Подозвав жену, он грубым голосом приказал ей приготовить чай, чтобы приветствовать и угостить дорогого родственника.
— Насколько я вижу, ты весьма преуспел в нашем грешном мире, — добавил он. — Конечно, ты поступил весьма дурно, когда удрал из дома и оставил своих бедных братьев в одиночестве нести тяжкое бремя хлопот по дому и по уходу за стариком отцом в последние годы его жизни. Но сейчас, я вижу, ты одумался и вернулся, чтобы достойно вознаградить своих ближних за перенесенные ими заботы и труды.
— Я не буду пить с тобой чай, старший брат, — тихо промолвил Лаи Цин. — Я также не собираюсь обсуждать с тобой мои дела. Но у меня есть к тебе одна просьба, и, если ты ее выполнишь, я хорошо тебе заплачу.
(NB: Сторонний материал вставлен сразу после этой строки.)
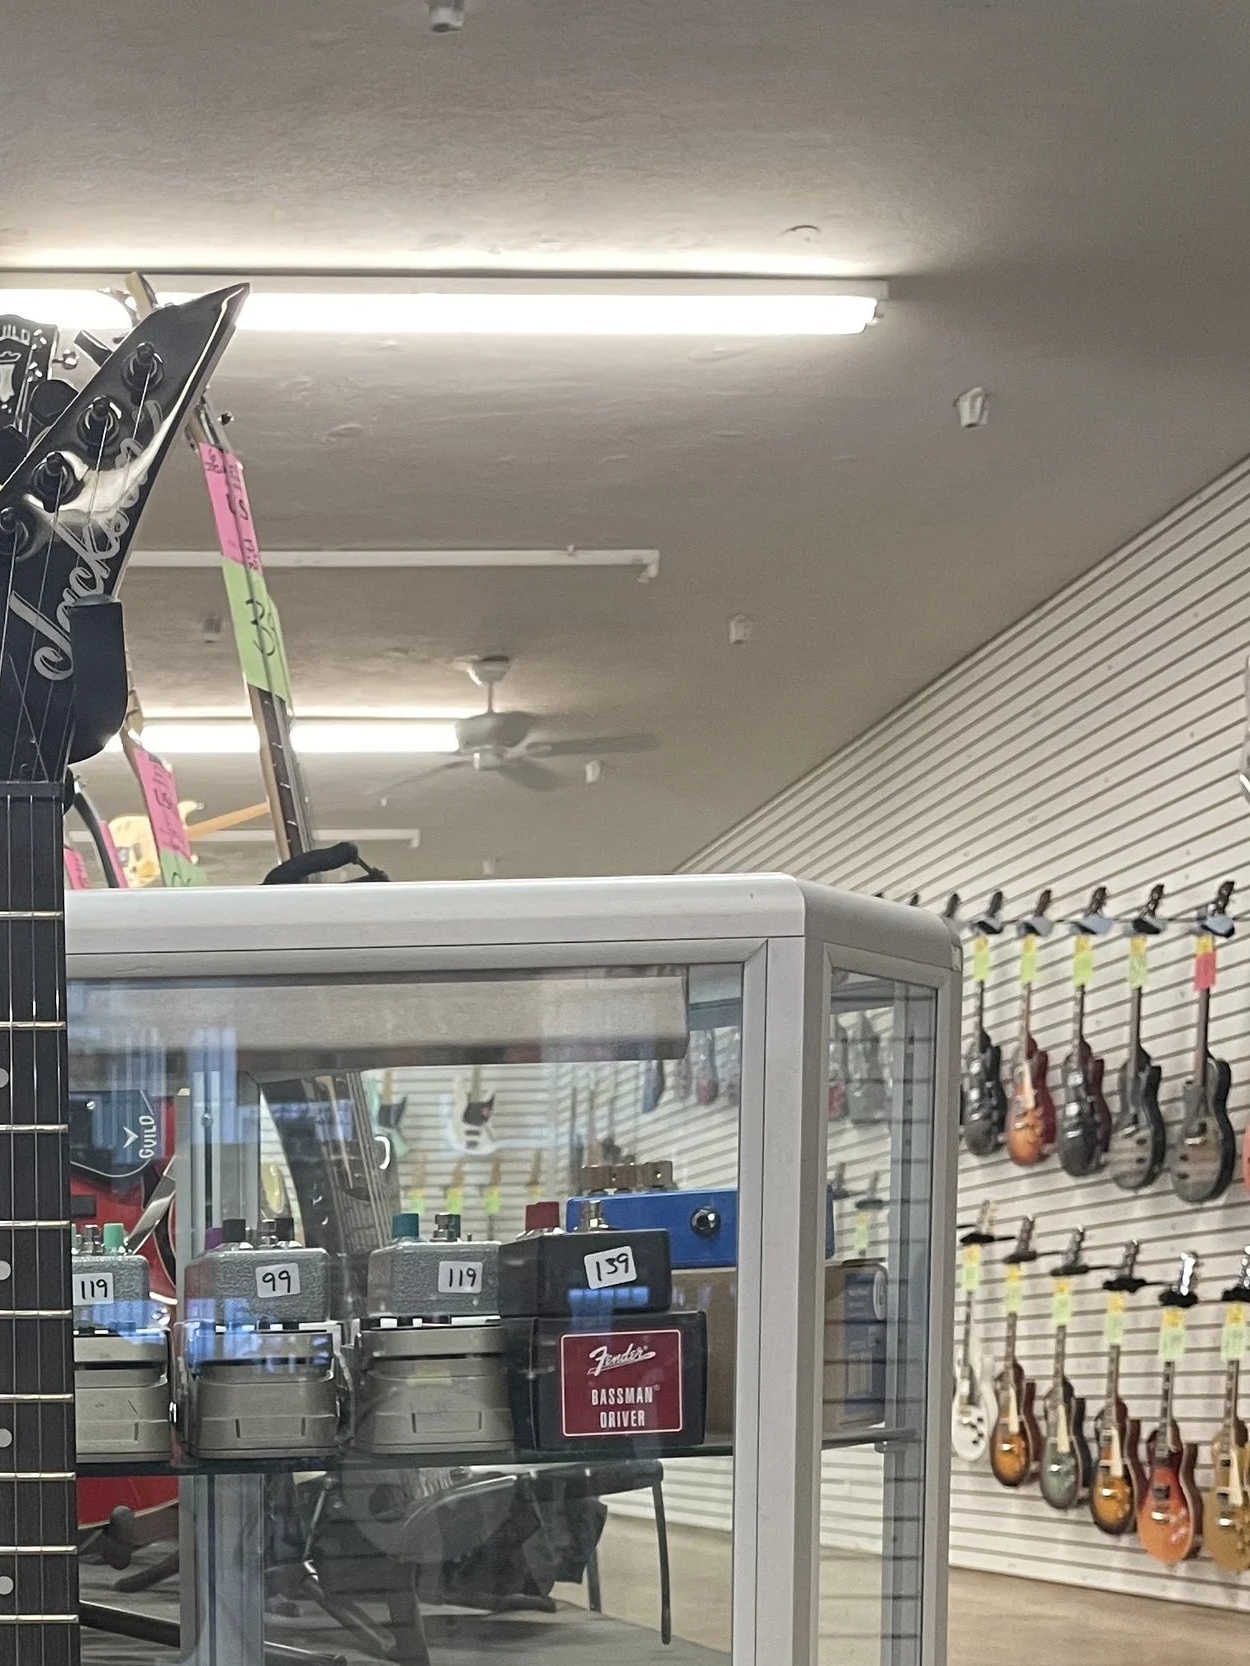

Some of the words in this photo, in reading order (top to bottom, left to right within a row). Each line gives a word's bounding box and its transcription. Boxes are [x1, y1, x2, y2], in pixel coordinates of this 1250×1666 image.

[138, 1115, 157, 1159] GUILD
[449, 1267, 477, 1288] 119
[595, 1253, 630, 1282] 139
[81, 1278, 108, 1300] 119
[261, 1269, 292, 1294] 99
[587, 1343, 656, 1377] Fender
[591, 1386, 654, 1407] BASSMAN
[599, 1410, 646, 1429] DRIVER
Дело в том, что моя мать и наложница нашего отца Лилин не была похоронена достойным образом, как того хотели бы ее уважаемые предки. По этому поводу они чрезвычайно рассержены и опечалены, и душа Лилин никак не может соединиться с ними. Они приходили ко мне во сне и Потребовали, чтобы я построил в ее честь храм, где воссоединятся души Лилин и ее маленького сына Чена. Таким образом, о ней останется на земле память, души ее предков успокоятся, и она получит возможность вновь ощутить гармонию в единении со своими близкими на небе.
Лаи Цин опустил руку в карман и извлек оттуда кожаный кошелек.
— Здесь достаточно денег, чтобы купить лучшие материалы и заплатить за работу лучшим строителям. Я неплохо разбираюсь в такого рода делах, старший брат, и обмануть меня невозможно. Я уже приобрел землю на холме некоторое время назад и через шесть месяцев вернусь сюда снова, чтобы проверить твою работу. Если все будет идти как должно, я щедро заплачу тебе и буду ежегодно выдавать небольшую сумму денег на поддержание храма. Если же ты попытаешься обмануть меня, я сделаю так, что тебя выгонят из деревни, а потом отдам твое гнусное тело на съедение собакам, как в своем время поступили с телом моего маленького брата.
Старший брат Лаи Цина согласно кивал головой в ответ на все его слова, будто фарфоровый болванчик. Он с трудом соглашался верить в подобную удачу.
— Сколько же ты соизволишь заплатить мне, Ки Лаи Цин? — спросил он, льстиво добавляя фамильное имя «Ки» к имени сына наложницы.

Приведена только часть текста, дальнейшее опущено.